3. Help employers create more tightly integrated benefits packages
Remote work has underscored the need for holistic benefits that are simpler to access. HR systems are moving away from a focus on internal processes and being reimagined in terms of employee needs. A good example of such integration would be pairing a high-deductible health plan with supplemental critical care insurance and communicating the combined benefit of lower overall premiums with financial protection from large medical bills. There's an opportunity for brokers who can help deliver the benefits, support, and technology demanded by this new model, including:
- A modernized user experience for employees and administrators
- A full array of benefits that care for and nourish the whole employee – and experienced support around that mostly voluntary offering
- Efficient, employee-specific communication that drives understanding, appreciation, engagement – and ROI
4. Help companies better manage employee absence
Absenteeism is a problem for American businesses – and the bottom line costs are higher than most realize. The Centers for Disease Control and Prevention (CDC) has stated that productivity losses related to personal and family health problems cost US employers $225.8 billion annually, or $1,685 per employee – and the indirect costs of absenteeism may be several times higher2. Another widely quoted study by Circadian estimates the cost for unscheduled absences to be $2660 per shift employee per year3.
Bringing in a third-party solution to oversee absence management can help clients understand and reduce absenteeism while also alleviating administrative burdens.
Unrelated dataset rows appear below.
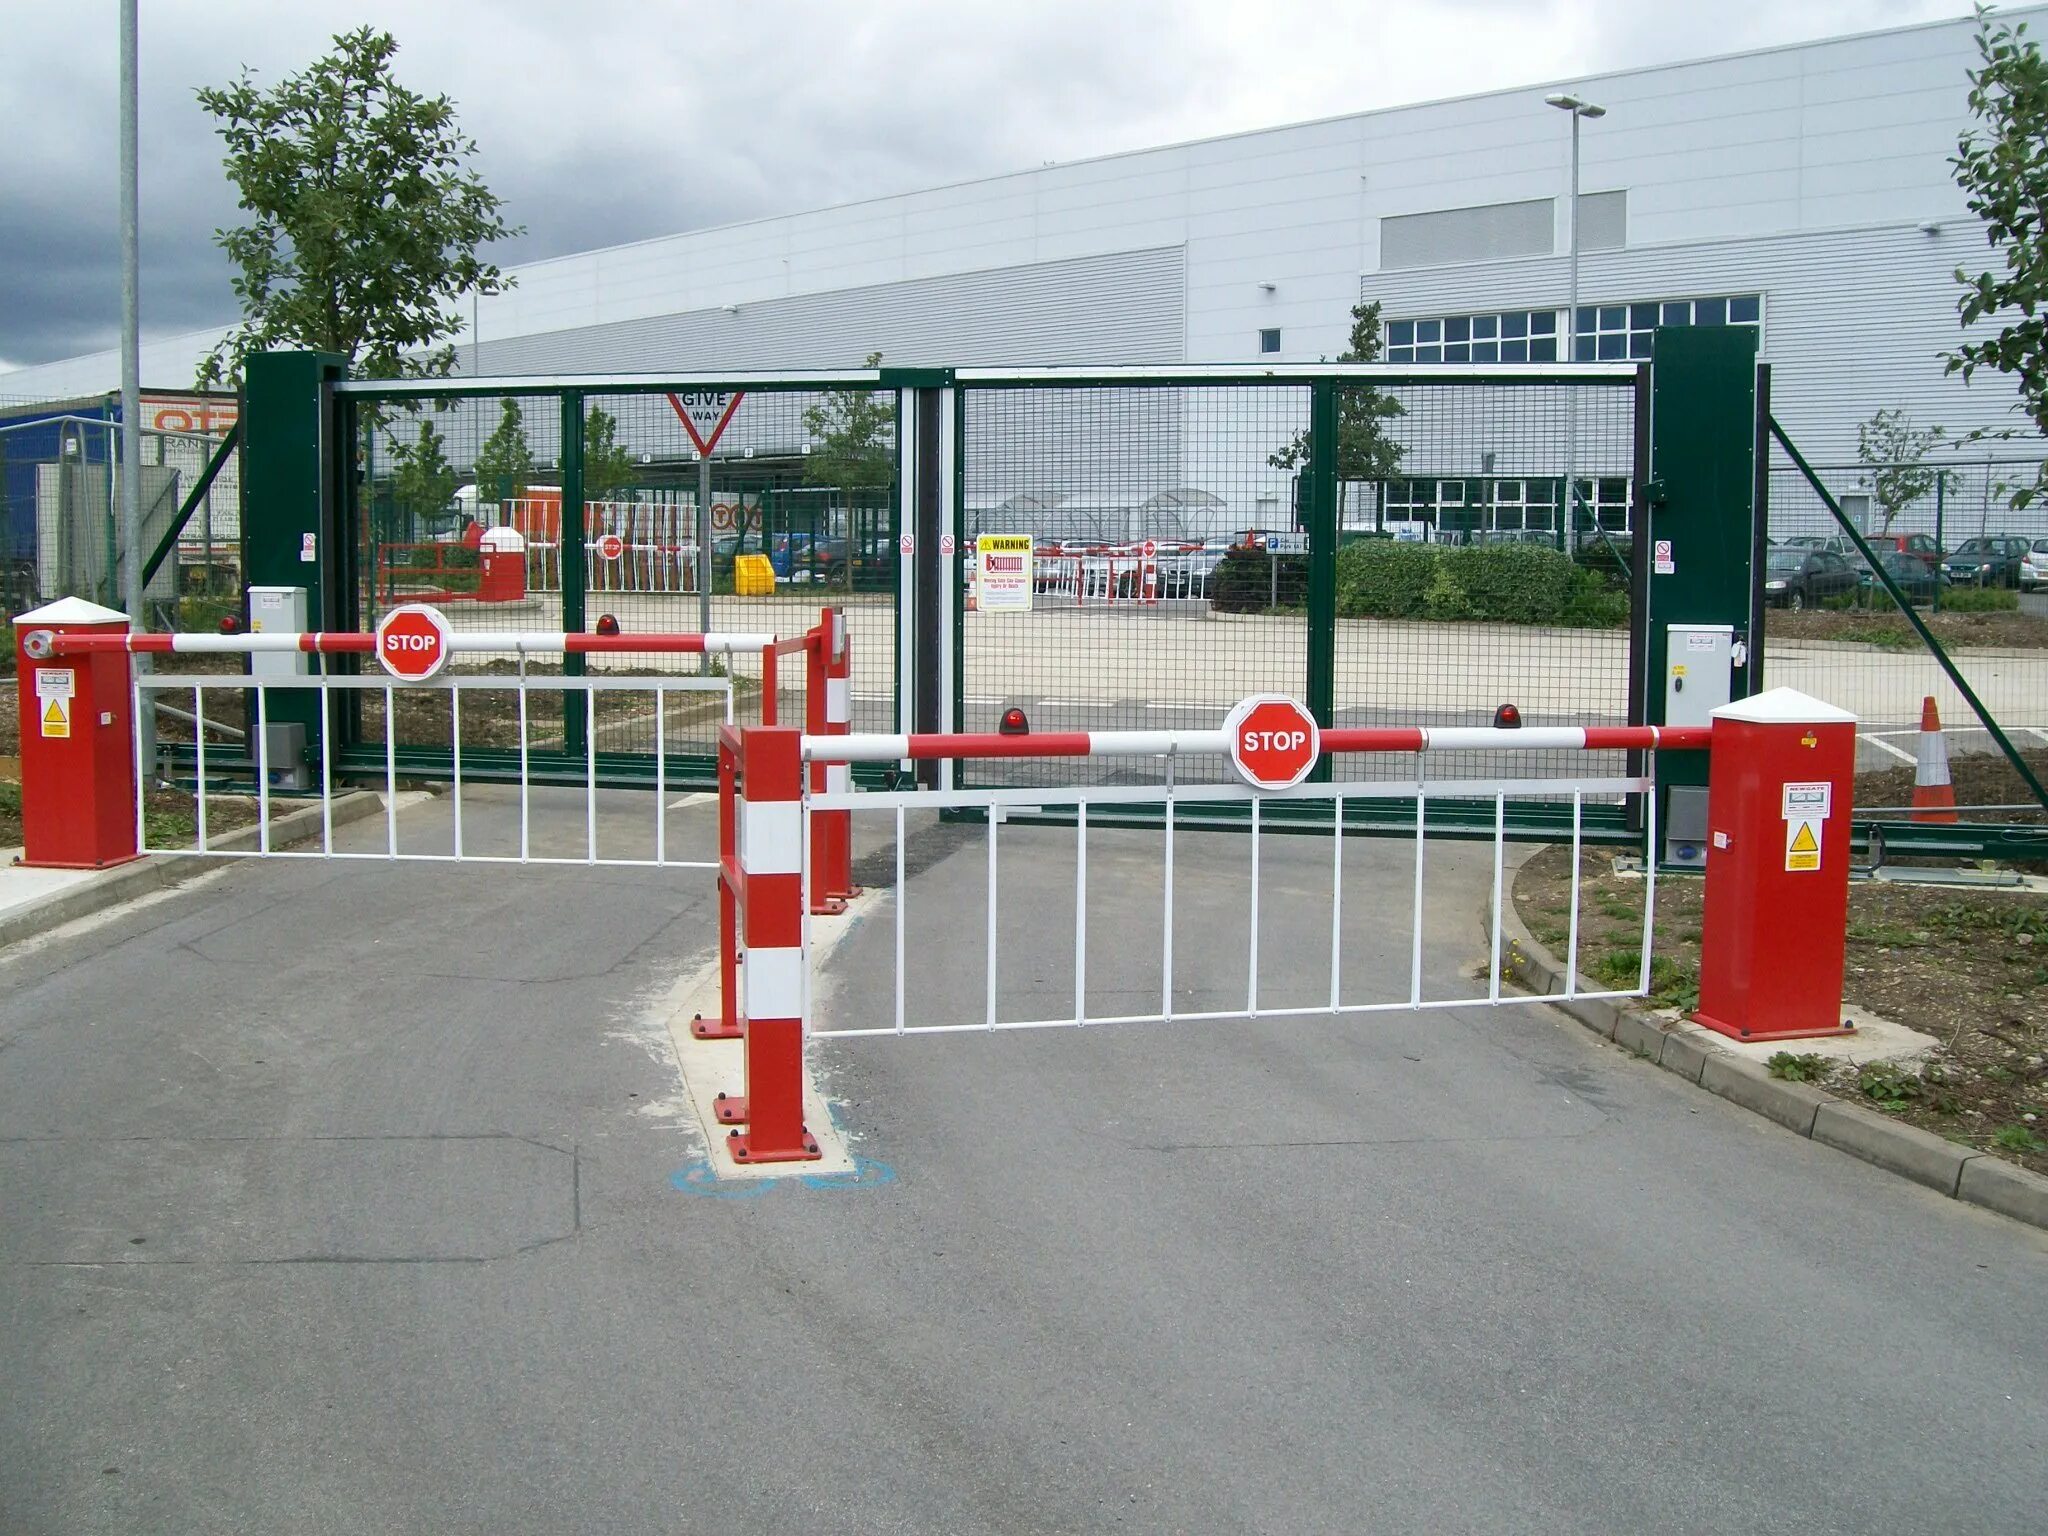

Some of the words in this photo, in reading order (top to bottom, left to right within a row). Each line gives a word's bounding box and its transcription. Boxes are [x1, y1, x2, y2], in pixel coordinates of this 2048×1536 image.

[682, 392, 727, 406] GIVE
[692, 411, 720, 421] WAY
[992, 540, 1030, 550] WARNING
[386, 634, 436, 651] STOP
[1244, 731, 1306, 751] STOP
Any company large enough to be covered under FMLA (generally, 50+ employees) could benefit by outsourcing these leaves, short-term disability insurance claims, and other health-related issues to an external leave management resource.
Would your clients welcome more time to focus on core business needs? You can help them assess their current absence management efforts using the Guardian Absence Management ScorecardSM. It will show them how their absence and leave management system measures up to other companies and even provide customized policy and process recommendations that you can help them implement.
5. Help clients use benefits to reduce employee turnover
Employee turnover is a deceptively costly issue for employers. Gallup estimates that US businesses incur one trillion dollars in losses each year (yes - one thousand billion dollars) due to voluntary employee turnover. For a company with 50 people at an average $50k salary, turnover and replacement costs range between $300,000 and $1.3 million. And it's an issue that's only getting worse, as 52% of workers plan to job hunt in 2021. The main reason given by those seeking a different position? Better compensation and benefits.
So let's go back to the question we started with: do clients see you as a vendor who costs them money or a partner who helps them make money? The more you can make clients aware of the real costs of employee turnover, absenteeism, and low benefits utilization, the more opportunity you'll have to demonstrate all the tools you have to help boost their bottom line.